Paper Organization
The introductory paragraph
- Your introduction sets up your claim. You need to get your audience to care about the rest of the paper by helping them understand why your claim is worth writing about.
- Your introduction does not necessarily need to provide a roadmap of your entire paper - the reader should know from your introduction what you will be discussing.
- DON’T be general or try to make overly grand claims of relevance.
- Think of a funnel. By the end of your introduction, your reader should know exactly what claim you are making, and should see exactly how that claim answers a question that is interesting to them.
Body Paragraphs
- These paragraphs are where your evidence should live.
- Each paragraph should be organized around one central idea that acts as a support pillar for your main thesis claim.
- If your thesis claim is “What I’m arguing”…
- … Then your body paragraphs’ sub-claims are “Why you should believe me”…
- What belongs in a body paragraph is determined by what evidecnce supports that paragraph’s claim, which in turn supports the main argument.
The conclusion
- The conclusion should summarize your argument and restate your thesis claim.
- It’s a great place to broaden your scope a little bit to discuss possible implications of the argument you just made.
- Beware the simple summary: though your conclusion should summarize a bit, at this point in your writing career it should do more as well.
Explication
- You must introduce every piece of information, tying it to your argument.
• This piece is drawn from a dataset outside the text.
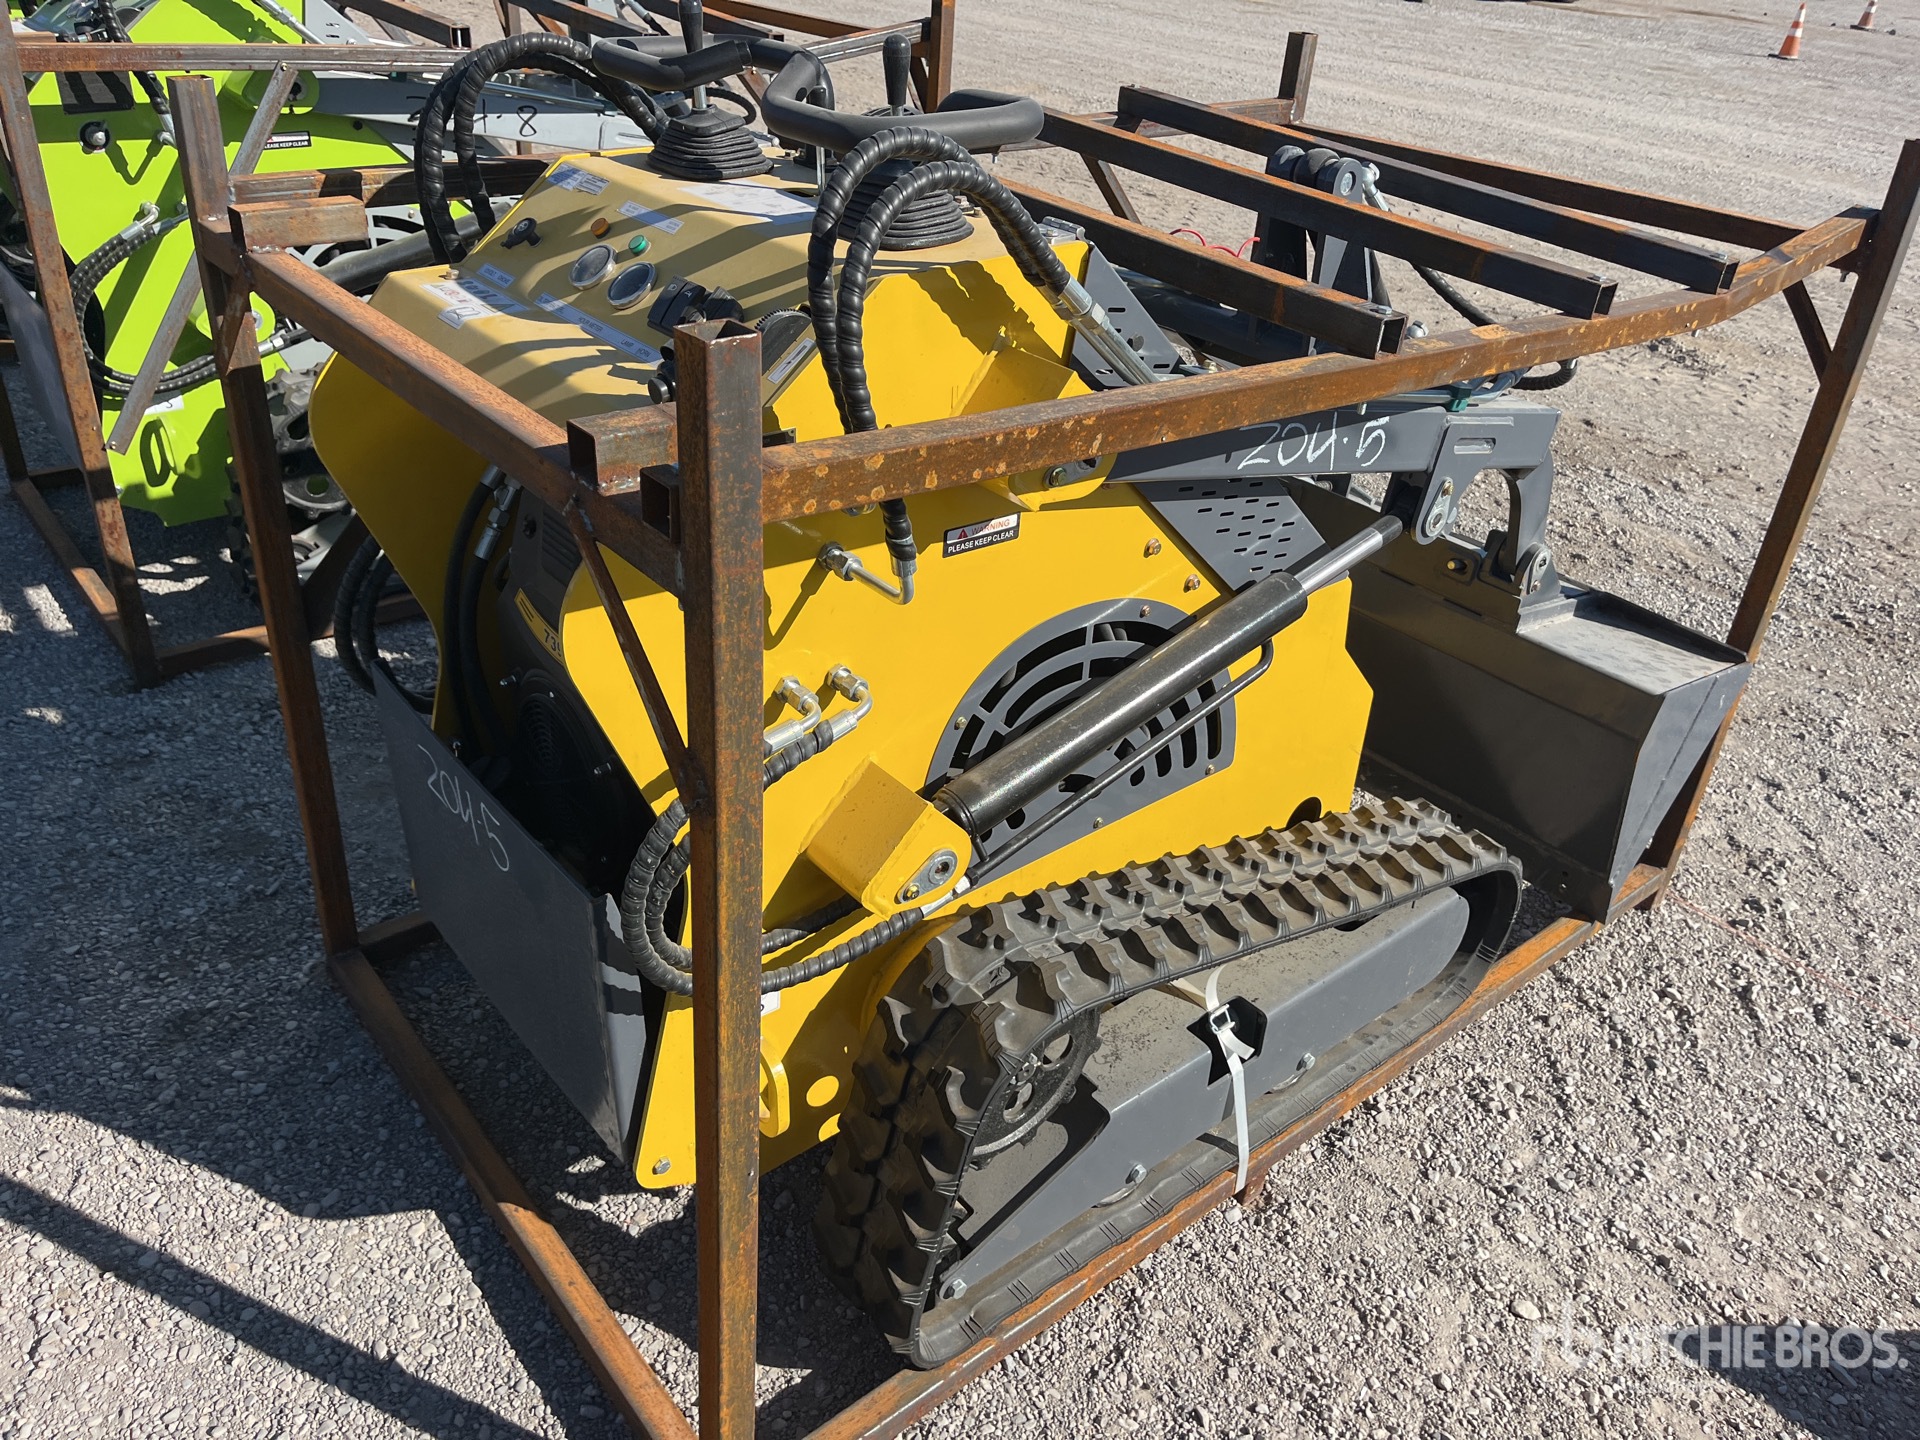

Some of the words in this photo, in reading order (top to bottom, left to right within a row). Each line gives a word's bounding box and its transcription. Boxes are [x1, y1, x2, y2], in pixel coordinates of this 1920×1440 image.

[971, 518, 1010, 536] WARNING
[947, 540, 974, 554] PLEASE
[974, 535, 993, 547] KEEP
[992, 529, 1014, 542] CLEAR
- You must present your information accurately.
- You must tell your reader why that information was important.
- Explicitly tie your information to your central claim.
- It’s your job as the writer to make connections clear for your reader.
"The Quote Sandwich"
- First, introduce your quote. This sentence should give information about the quote’s source, and tie the quote to the argumentative point you’re making.
- Second, give the quote.
- Third, give a 1-2 sentence explanation of why the quote illustrates a key point, supports your argument, or proves your claim.
Formatting quotes
- Do not include block quotes (quotes longer than 3 lines)
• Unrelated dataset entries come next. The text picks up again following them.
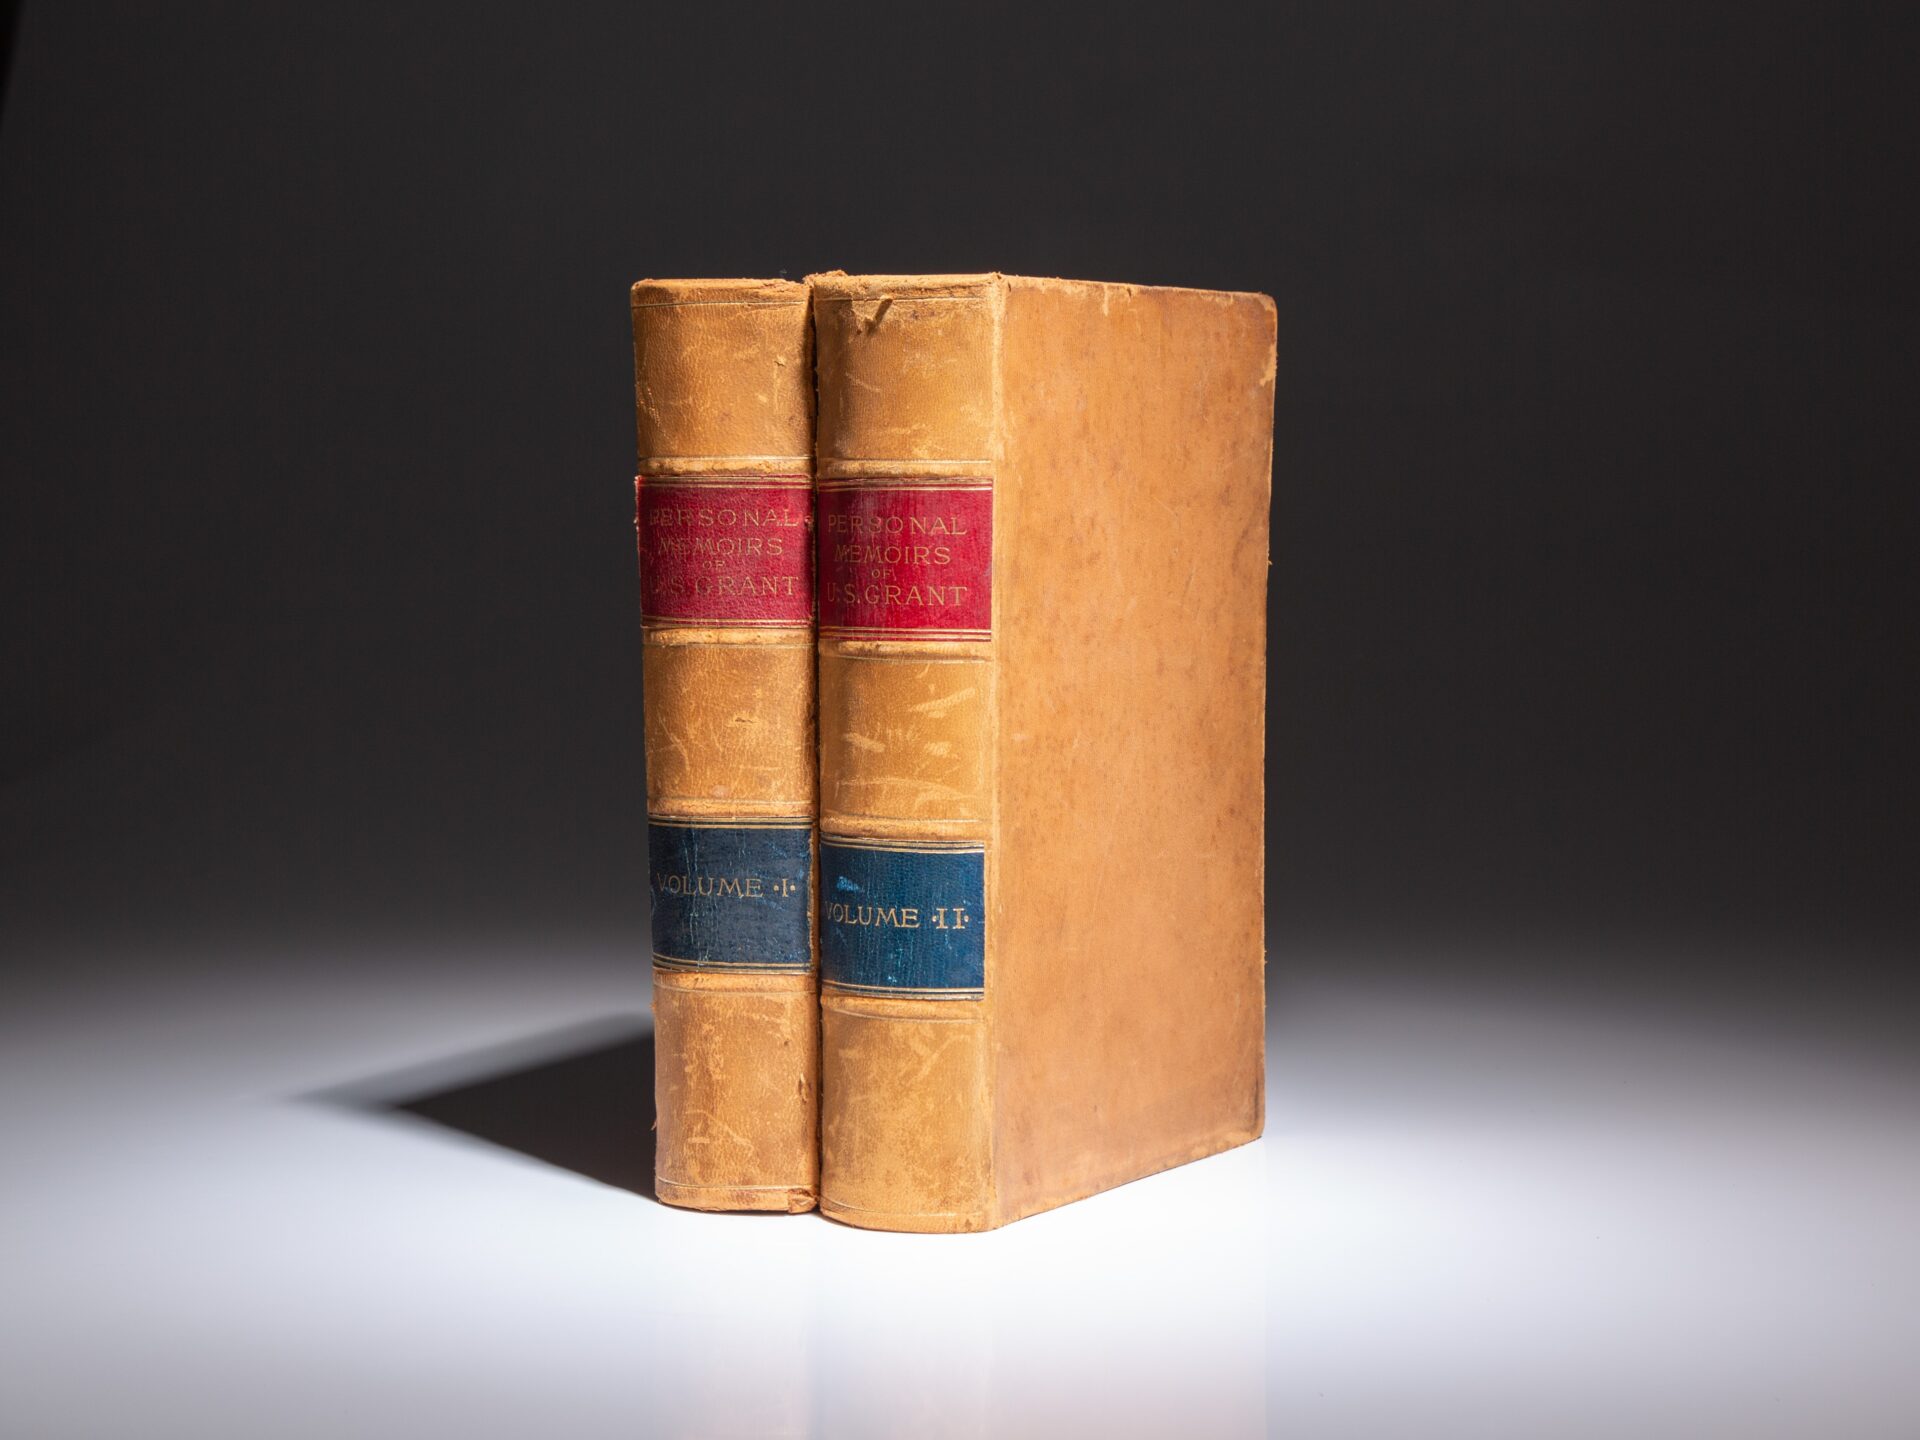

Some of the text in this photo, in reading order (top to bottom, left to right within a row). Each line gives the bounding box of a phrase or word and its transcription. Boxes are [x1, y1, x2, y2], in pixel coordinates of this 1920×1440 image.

[828, 514, 968, 535] PERSONAL
[702, 560, 726, 570] OF
[834, 544, 952, 565] MEMOIRS
[871, 568, 893, 579] OF
[657, 872, 764, 898] VOLUME
[825, 901, 920, 929] VOLUME
- Punctuation from the quote itself goes inside quotation marks. Your punctuation goes outside the quotation marks.
- Include parenthetical citation at the end of the quote, after the quote’s final punctuation mark(s), before your punctuation.
Introduction to quote, “asdlkfjsladkfjlsdkj” (author page #). Explanation for 1-2 sentences
MLA Style: parenthetical in-text citation
https://owl.english.purdue.edu/owl/resource/747/02/
- The works cited appears at the end of every paper you ever write.
- It contains full bibliographic entries for every source that you use.
- Check it out: https://owl.english.purdue.edu/owl/resource/747/01/
Elements of a full citation (MLA):
- Author
- Title of source
- Title of container
- Other contributors
- Version
- Number
- Publisher
- Publication date
- Location
Container in italics, subcontainer in quotations
E.g. Journal, “Articles”
Book, “Chapters”
Album, “Songs”
Artworks
Transitions: Purpose and Placement
- Transitions signal the connection between this paragraph and your central claim.
- Remind the reader of the main point of your paper
- Show how this paragraph and its evidence fit into your argument.
- Transitions signal the connections between your body paragraphs.
- Glue your paragraphs together.
How to choose words
- Be specific
- Keep it simple
- Make sure your writing makes sense if you read it aloud to yourself
- When in doubt, write out the whole idea. You can cut it down later.
- Beware of overusing your thesaurus!
Things to check before declaring a draft finished
- Is there a thesis claim? Is it strong?
- Does your paper’s organization serve to support your claim?
- Is your evidence presented well? Have you explained it?
- Are your citations correct?
- Does it flow: transitions between paragraphs? Sentences within paragraphs?
- Does it sound reasonable when read aloud?
- Is it free of spelling and grammar errors?